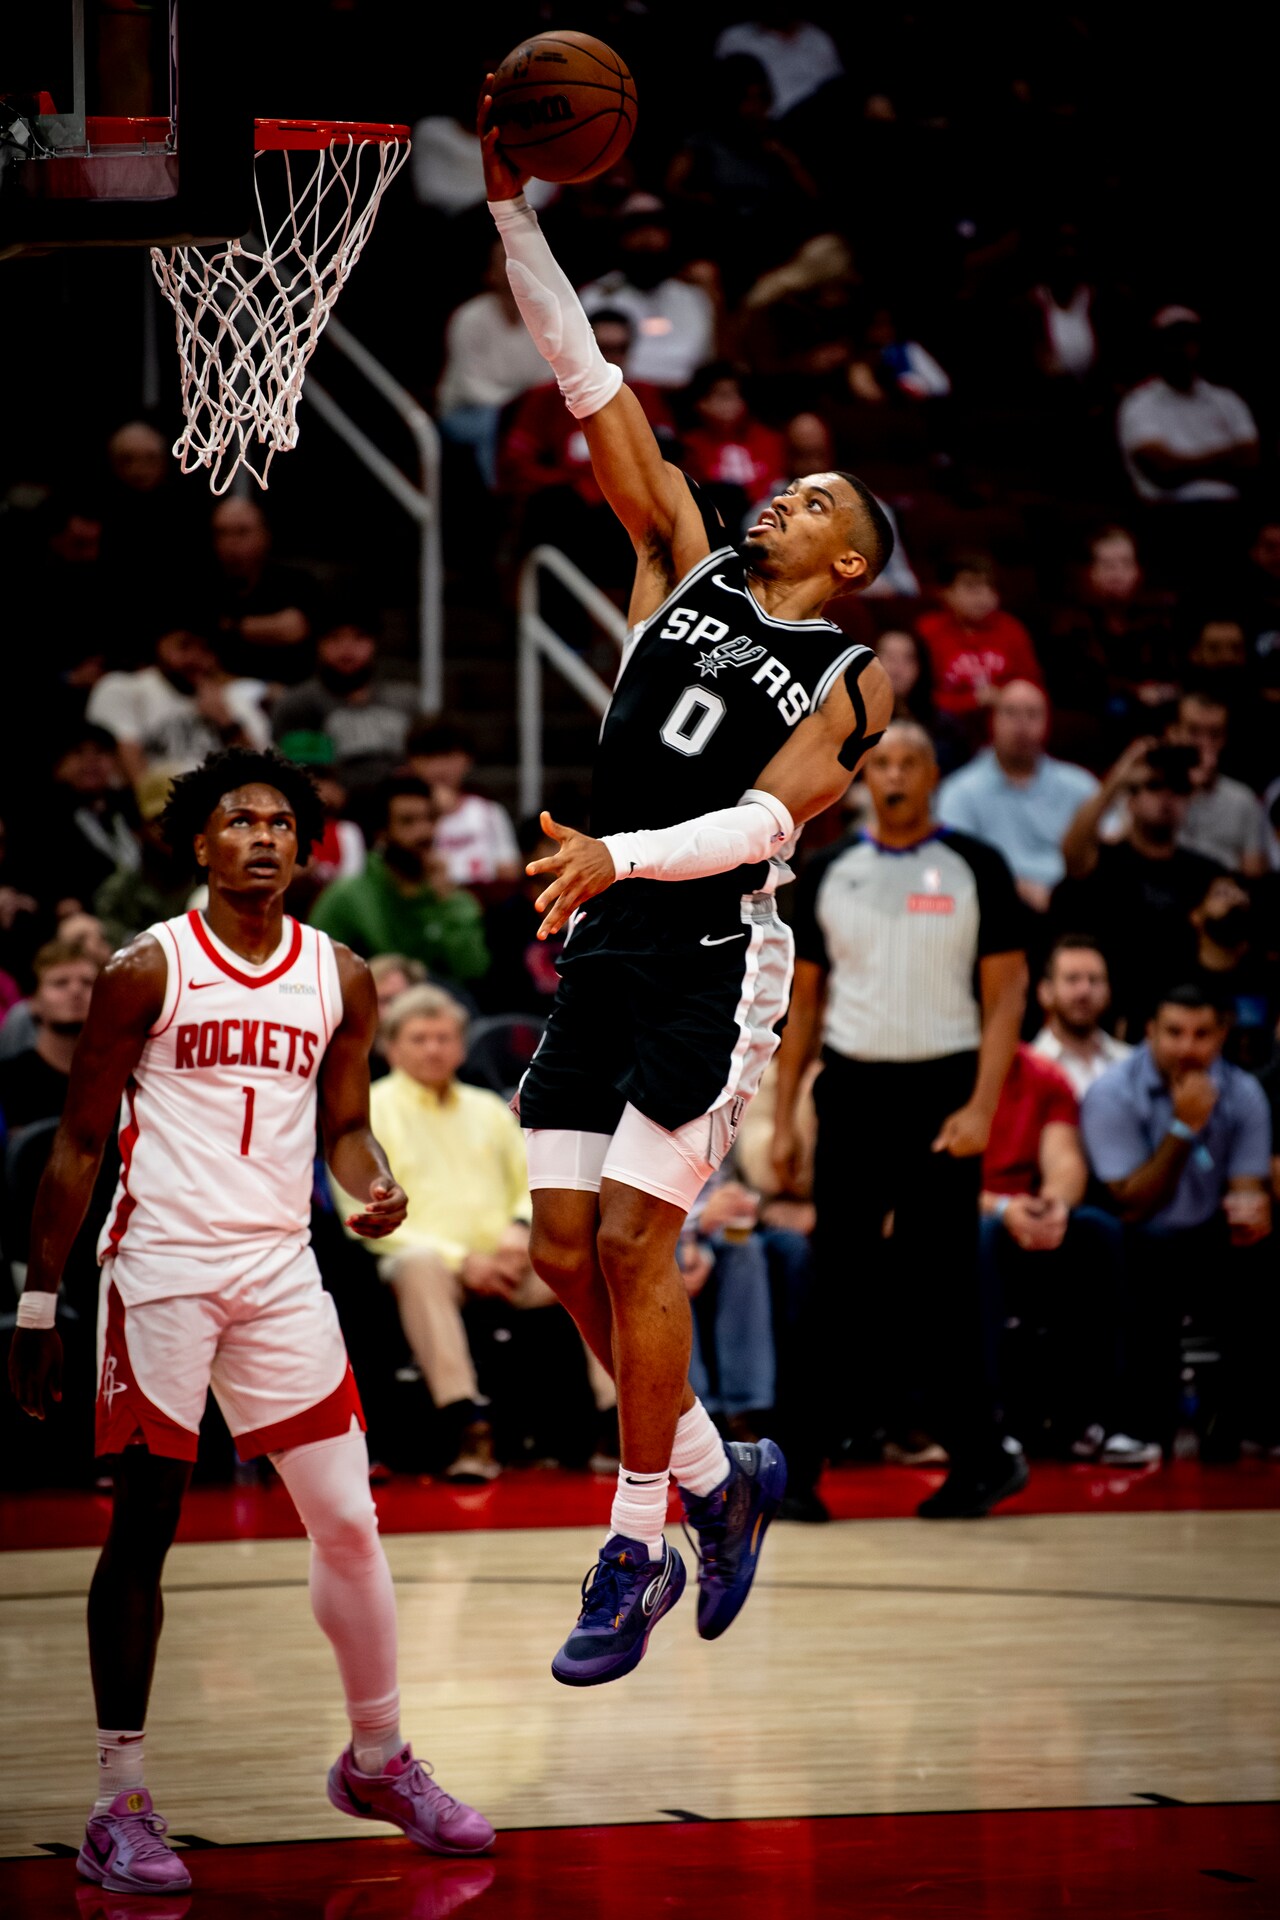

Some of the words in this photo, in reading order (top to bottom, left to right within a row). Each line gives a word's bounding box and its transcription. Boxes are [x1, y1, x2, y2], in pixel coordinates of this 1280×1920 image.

[660, 607, 811, 727] SPURS
[659, 683, 728, 757] 0
[175, 1019, 319, 1079] ROCKETS
[240, 1086, 256, 1156] 1

● ● ● ●

* _ASSIGNED TASK_
In your copy of the listing, please omit the pictures and keep every word exact.

* _COMPLETED EXERCISE_
Some of the words in this photo, in reading order (top to bottom, left to right within a row). Each line gives a word's bounding box and its transcription. Boxes are [x1, y1, x2, y2], in pixel coordinates of this 1280×1920 image.

[660, 607, 811, 727] SPURS
[659, 683, 728, 757] 0
[175, 1019, 319, 1079] ROCKETS
[240, 1086, 256, 1156] 1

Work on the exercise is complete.